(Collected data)
= = =
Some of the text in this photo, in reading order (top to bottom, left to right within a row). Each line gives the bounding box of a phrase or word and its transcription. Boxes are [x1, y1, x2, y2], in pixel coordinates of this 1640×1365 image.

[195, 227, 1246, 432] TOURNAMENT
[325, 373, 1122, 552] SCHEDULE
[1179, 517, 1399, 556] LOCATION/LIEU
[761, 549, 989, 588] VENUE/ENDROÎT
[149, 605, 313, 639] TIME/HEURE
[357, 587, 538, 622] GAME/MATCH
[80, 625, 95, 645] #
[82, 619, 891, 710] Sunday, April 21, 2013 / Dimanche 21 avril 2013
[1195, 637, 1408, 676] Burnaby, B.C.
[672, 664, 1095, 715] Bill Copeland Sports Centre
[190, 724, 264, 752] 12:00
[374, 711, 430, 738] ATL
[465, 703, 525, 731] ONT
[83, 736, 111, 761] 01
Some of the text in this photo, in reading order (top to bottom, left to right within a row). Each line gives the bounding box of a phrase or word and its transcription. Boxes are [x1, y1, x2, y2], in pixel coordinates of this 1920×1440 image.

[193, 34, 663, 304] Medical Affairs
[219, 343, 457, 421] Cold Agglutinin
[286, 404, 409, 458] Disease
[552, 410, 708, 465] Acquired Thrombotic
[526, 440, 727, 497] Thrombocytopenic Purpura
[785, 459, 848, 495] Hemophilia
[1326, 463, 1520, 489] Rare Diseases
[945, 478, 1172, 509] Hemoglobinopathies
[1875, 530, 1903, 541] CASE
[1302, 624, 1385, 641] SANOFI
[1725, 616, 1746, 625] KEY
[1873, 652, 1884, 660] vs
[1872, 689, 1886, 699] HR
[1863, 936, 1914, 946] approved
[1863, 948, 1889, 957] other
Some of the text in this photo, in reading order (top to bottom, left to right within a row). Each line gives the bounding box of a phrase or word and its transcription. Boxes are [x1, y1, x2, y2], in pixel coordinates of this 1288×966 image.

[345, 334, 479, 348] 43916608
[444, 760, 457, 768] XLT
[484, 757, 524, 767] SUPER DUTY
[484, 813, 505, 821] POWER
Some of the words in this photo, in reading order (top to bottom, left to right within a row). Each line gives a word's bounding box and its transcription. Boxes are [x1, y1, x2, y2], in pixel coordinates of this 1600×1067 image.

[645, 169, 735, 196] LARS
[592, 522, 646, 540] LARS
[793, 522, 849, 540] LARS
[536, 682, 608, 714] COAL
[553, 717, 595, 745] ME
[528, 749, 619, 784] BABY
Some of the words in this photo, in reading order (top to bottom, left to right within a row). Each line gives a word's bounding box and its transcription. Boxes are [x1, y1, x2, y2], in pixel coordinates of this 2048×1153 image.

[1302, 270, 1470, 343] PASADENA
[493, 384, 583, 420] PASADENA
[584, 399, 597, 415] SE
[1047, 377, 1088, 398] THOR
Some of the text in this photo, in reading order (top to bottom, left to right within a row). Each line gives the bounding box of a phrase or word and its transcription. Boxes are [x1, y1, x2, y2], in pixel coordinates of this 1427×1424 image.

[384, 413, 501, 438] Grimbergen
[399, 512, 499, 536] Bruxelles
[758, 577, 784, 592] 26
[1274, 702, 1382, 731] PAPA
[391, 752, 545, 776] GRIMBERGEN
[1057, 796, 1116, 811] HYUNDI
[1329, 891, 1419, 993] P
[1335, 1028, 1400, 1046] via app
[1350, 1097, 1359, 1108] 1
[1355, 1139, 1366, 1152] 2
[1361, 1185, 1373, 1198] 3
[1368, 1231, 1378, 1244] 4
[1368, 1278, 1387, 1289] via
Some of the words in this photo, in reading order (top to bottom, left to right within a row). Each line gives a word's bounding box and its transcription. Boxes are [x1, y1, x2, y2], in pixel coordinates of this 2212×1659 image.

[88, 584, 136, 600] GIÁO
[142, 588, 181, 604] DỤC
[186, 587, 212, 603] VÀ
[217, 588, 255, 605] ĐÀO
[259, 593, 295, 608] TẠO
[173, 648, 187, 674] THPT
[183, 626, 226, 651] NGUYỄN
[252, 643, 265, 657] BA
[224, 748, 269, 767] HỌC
= = =
# The task:
In the entries above, find the line with "this 1600×1067 image.", then retype it and every line after it exactly.

# Finished exercise:
Some of the words in this photo, in reading order (top to bottom, left to right within a row). Each line gives a word's bounding box and its transcription. Boxes are [x1, y1, x2, y2], in pixel coordinates of this 1600×1067 image.

[645, 169, 735, 196] LARS
[592, 522, 646, 540] LARS
[793, 522, 849, 540] LARS
[536, 682, 608, 714] COAL
[553, 717, 595, 745] ME
[528, 749, 619, 784] BABY
Some of the words in this photo, in reading order (top to bottom, left to right within a row). Each line gives a word's bounding box and its transcription. Boxes are [x1, y1, x2, y2], in pixel coordinates of this 2048×1153 image.

[1302, 270, 1470, 343] PASADENA
[493, 384, 583, 420] PASADENA
[584, 399, 597, 415] SE
[1047, 377, 1088, 398] THOR
Some of the text in this photo, in reading order (top to bottom, left to right within a row). Each line gives the bounding box of a phrase or word and its transcription. Boxes are [x1, y1, x2, y2], in pixel coordinates of this 1427×1424 image.

[384, 413, 501, 438] Grimbergen
[399, 512, 499, 536] Bruxelles
[758, 577, 784, 592] 26
[1274, 702, 1382, 731] PAPA
[391, 752, 545, 776] GRIMBERGEN
[1057, 796, 1116, 811] HYUNDI
[1329, 891, 1419, 993] P
[1335, 1028, 1400, 1046] via app
[1350, 1097, 1359, 1108] 1
[1355, 1139, 1366, 1152] 2
[1361, 1185, 1373, 1198] 3
[1368, 1231, 1378, 1244] 4
[1368, 1278, 1387, 1289] via
Some of the words in this photo, in reading order (top to bottom, left to right within a row). Each line gives a word's bounding box and its transcription. Boxes are [x1, y1, x2, y2], in pixel coordinates of this 2212×1659 image.

[88, 584, 136, 600] GIÁO
[142, 588, 181, 604] DỤC
[186, 587, 212, 603] VÀ
[217, 588, 255, 605] ĐÀO
[259, 593, 295, 608] TẠO
[173, 648, 187, 674] THPT
[183, 626, 226, 651] NGUYỄN
[252, 643, 265, 657] BA
[224, 748, 269, 767] HỌC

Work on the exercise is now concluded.